NHS chiefs are proposing a shake-up of services for sick and injured children in Tyne and Wear.

The plans involve scrapping in-patient services for children at South Tyneside and Gateshead hospitals, instead creating hubs at Sunderland Royal and the Great North Children’s Hospital at the RVI in Newcastle.

This would mean more sick children from outside Sunderland accessing the city’s facilities, but senior paediatric consultant Geoff Lawson has promised his prime responsibility still lay with children in Sunderland.

The clinical director of child health at Sunderland Royal said he made the pledge at the request of his then-boss 15 years ago – and that remained his priority today.

He said: “The first thing he said to me is ‘your first priority is to take care of children in Sunderland.’ I can assure you that this reorganisation will take care of children in Sunderland – and it will also accommodate extra patients from other areas.”

Dr Lawson said the review of acute paediatric services had been ongoing for 15 years, was “nothing new” and was being done to best meet patients’ needs.

He added: “This is not a cost-cutting process driven by finances, despite the austerity measures being taken across the country.”

He was speaking at a meeting of Sunderland City Council’s Health and Wellbeing Scrutiny Committee, one of a number of watchdog council groups looking at the plans.

Senior medics at the meeting told councillors they had the power to refer the proposals to Health Secretary Andrew Lansely if they were not happy.

Committee chairman councillor Peter Walker questioned what the moves would mean in terms of losing hospital bed numbers.

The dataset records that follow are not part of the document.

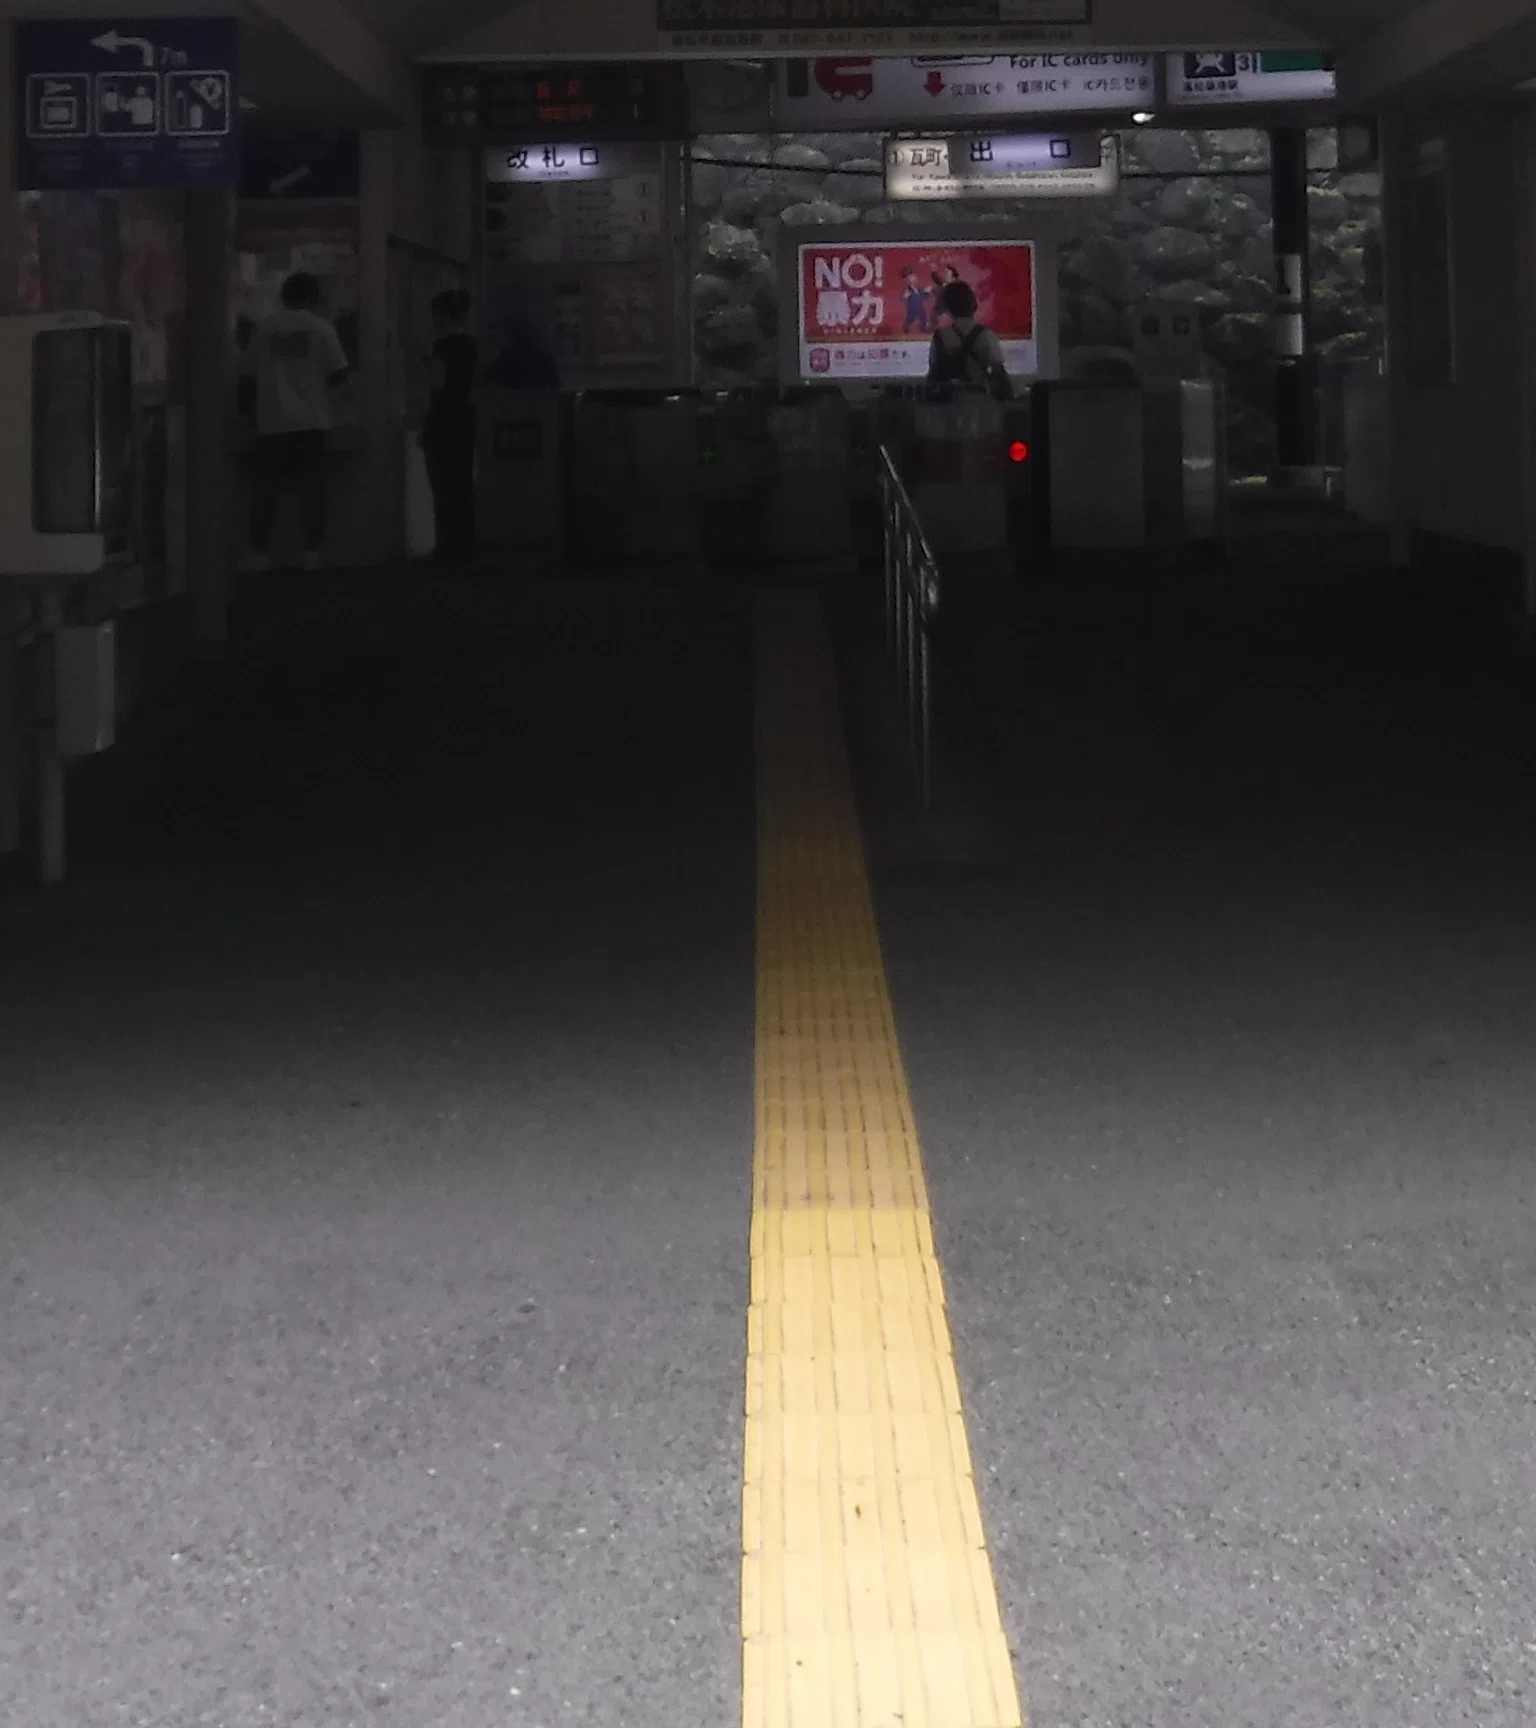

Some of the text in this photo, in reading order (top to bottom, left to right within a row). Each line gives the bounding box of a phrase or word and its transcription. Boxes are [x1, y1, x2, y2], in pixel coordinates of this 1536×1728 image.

[1042, 55, 1059, 68] IC
[506, 145, 599, 170] 改札口
[970, 139, 1071, 163] 出口
[814, 253, 884, 289] NO!
[816, 290, 884, 327] 暴力

Dr David Hambleton, director of commissioning development for NHS South of Tyne and Wear, said South Tyneside and Gateshead hospitals had already been reducing bed numbers as fewer patients needed in-patient care.

Dr Lawson said both he and the new GP commissioning board in Sunderland were keen for more services to be provided by primary care, such as GPs, rather than secondary care in hospitals.

He said this would mean children spending less time on hospital wards, which was better for them and their families.

Dr Hamilton said children would be better off having hospital treatment as out-patients, with a children’s nursing team visiting them at home shortly after.